それどころか、霊夢ボールが発射後の弾を追い抜く事すらあった。
「ていうか加速してるんじゃん!うわあああああああ!!」
既に誰もいなくなった神社の周りを何周も回っているのだが、そんな事を気にする暇もない。
今まで相当我慢して押さえ込んでいたのか、高速で低空飛行しているにも拘らず、霊夢ボールから発せられる霊圧が砂塵の一粒も上げさせない。
「怖えーーーーー!霊夢怖えーーーーー!」
「………そうだ。おーい、ちょっと止まりなさーい、私から提案があるんだけどー」
ちょっとショックを受けながら、このままじゃ終わりそうもないと思い、霊夢ボールはヒューマンタイプにトランスフォームした。
その隙を見るや、萃香は全力で振り切ろうと試みる。
「いいやあだあーー!」
「あ、ちょ、待ちなさいっての!」
一瞬で萃香の背後まで詰め寄り、首根っこを掴む。幻想空想穴というやつだ。
最初からそれ使えばええねや、等とは言う無かれ。霊夢も遊びたい年頃だったという事だろう。
「ぅひいいいいいいっ!!?」
首筋の冷たさに仰け反り手足をばたつかせる。しかし霊夢との距離が変わる事はもう無い。

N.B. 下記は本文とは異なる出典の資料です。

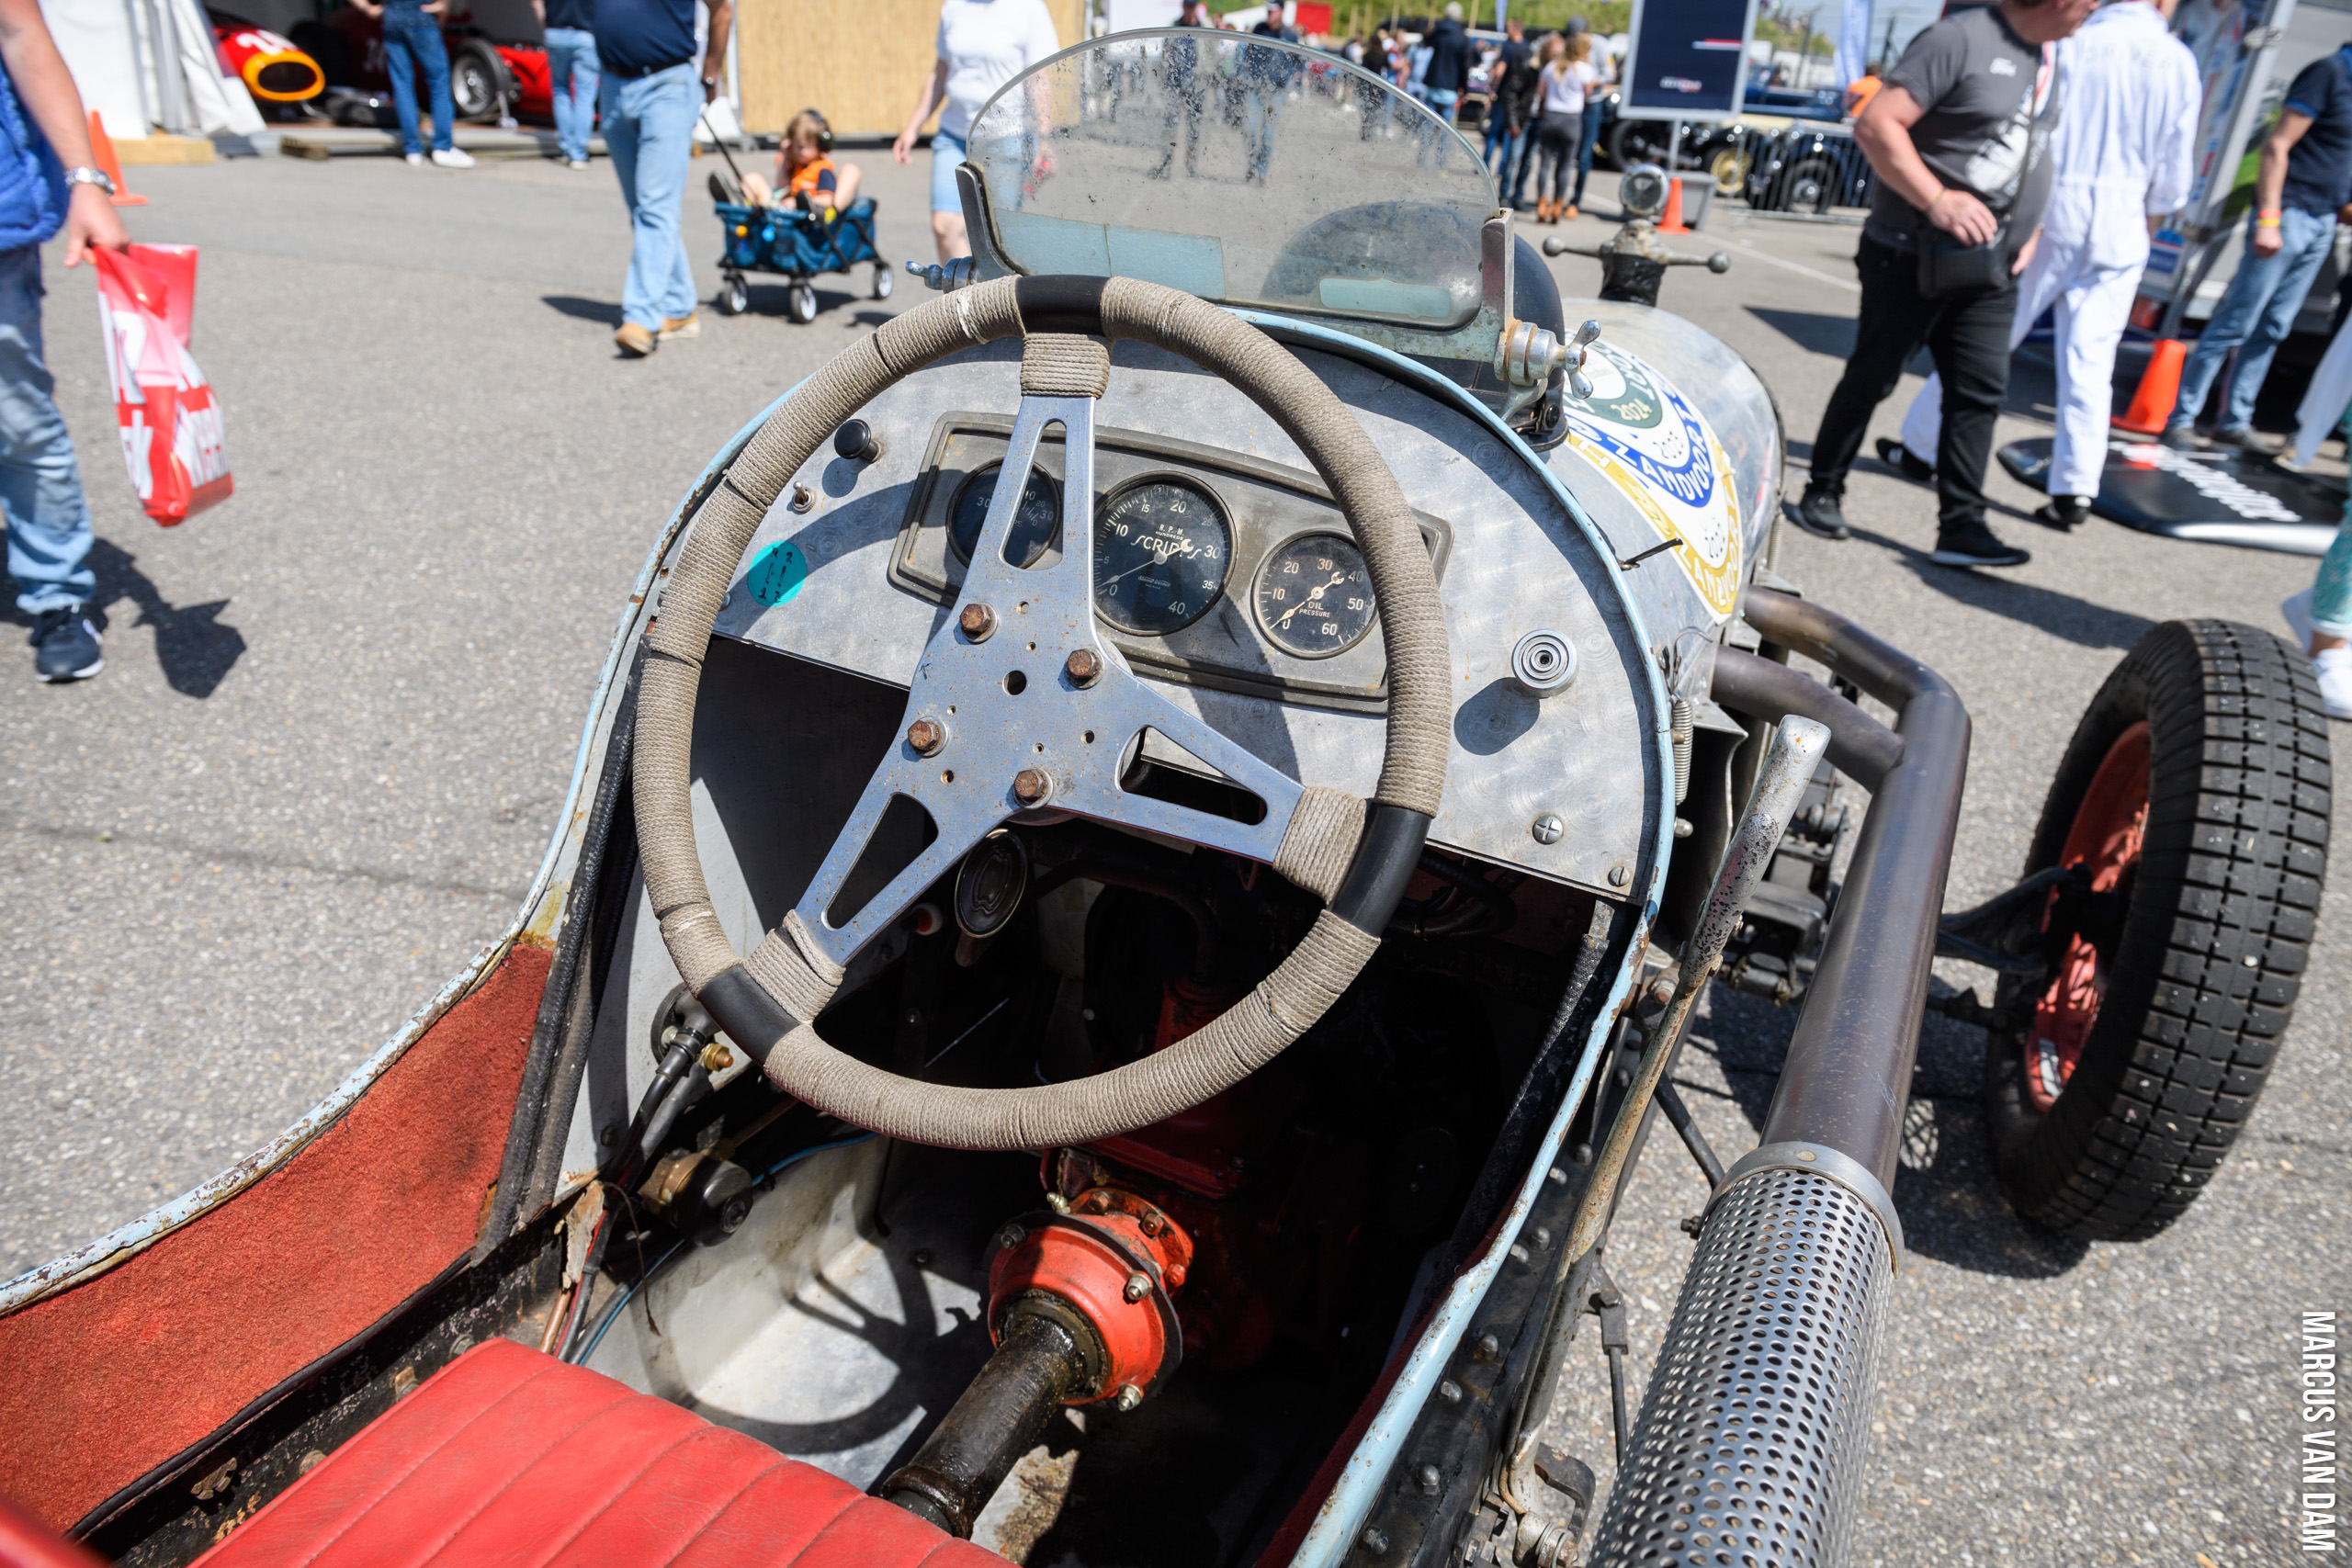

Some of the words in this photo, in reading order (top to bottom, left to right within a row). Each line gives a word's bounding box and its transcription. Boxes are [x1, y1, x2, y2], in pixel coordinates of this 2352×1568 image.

[1610, 398, 1653, 422] 2024
[1141, 504, 1150, 513] 15
[1170, 500, 1187, 513] 20
[1039, 509, 1055, 521] 30
[1201, 517, 1213, 527] 25
[1115, 523, 1129, 537] 10
[1155, 531, 1183, 541] HUNDREDS
[1130, 535, 1203, 559] SCRIPS
[1204, 545, 1222, 559] 30
[1103, 556, 1110, 564] 5
[1317, 558, 1333, 570] 30
[1283, 561, 1299, 574] 20
[1348, 570, 1363, 582] 40
[1109, 583, 1118, 596] 0
[1202, 580, 1214, 590] 35
[1272, 588, 1285, 600] 10
[1168, 601, 1185, 615] 40
[1307, 601, 1324, 611] OIL
[1347, 597, 1363, 611] 50
[1298, 608, 1331, 618] PRESSURE
[1321, 622, 1338, 636] 60

「いやっ!いやっ!いーーーーーやーーーーーーーーー!!!!!!ま!」
「お?」
「ま…ま…」
恐怖の余りか、萃香の目に涙が浮かぶ。今にもまいった、と言いそうな程に。しかしまだ鬼としてのプライドがそれを押し留めているようだ。
霊夢は、そこまで怯えることもなかろうに、と大分傷ついていたが、初めて見る萃香の泣き顔にちょっとばかり嗜虐心も芽生えた。
「ま……」
にぃぃっ、と口の両端を吊り上げ目を見開く霊夢に、気絶しそうな感覚を覚えて白目を剥きかける。

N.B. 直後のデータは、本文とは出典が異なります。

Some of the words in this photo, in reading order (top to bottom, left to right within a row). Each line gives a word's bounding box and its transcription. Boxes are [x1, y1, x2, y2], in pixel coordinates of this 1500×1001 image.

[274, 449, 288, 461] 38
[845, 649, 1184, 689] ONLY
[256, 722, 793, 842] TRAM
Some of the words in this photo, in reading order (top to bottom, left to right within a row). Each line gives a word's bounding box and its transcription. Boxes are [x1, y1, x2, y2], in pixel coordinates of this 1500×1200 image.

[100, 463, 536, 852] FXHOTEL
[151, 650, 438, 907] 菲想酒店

しかしそれが逆に、萃香の中の何かを目覚めさせたのか。ぶんぶんと頭を振って涙を振り払い、キッと霊夢を睨んでみせた。
「へぇ。よく我慢したわねー。えらい、えらい」
まだふるふると震えていた萃香の頭が撫でられると少しだけ大人しくなって、気の緩みからまた涙が浮かんだ。
「よし、それじゃあそろそろ私からの提案を聞いてくれる?」
ぐしぐしと涙を拭いながら、コクリと頷いた。
霊夢の提案はこうだ。
西部劇のクイックドローよろしく互いに正面を向き合い、そこで霊夢は全身全霊を掛けた一撃を撃つ、萃香はそれの回避をする。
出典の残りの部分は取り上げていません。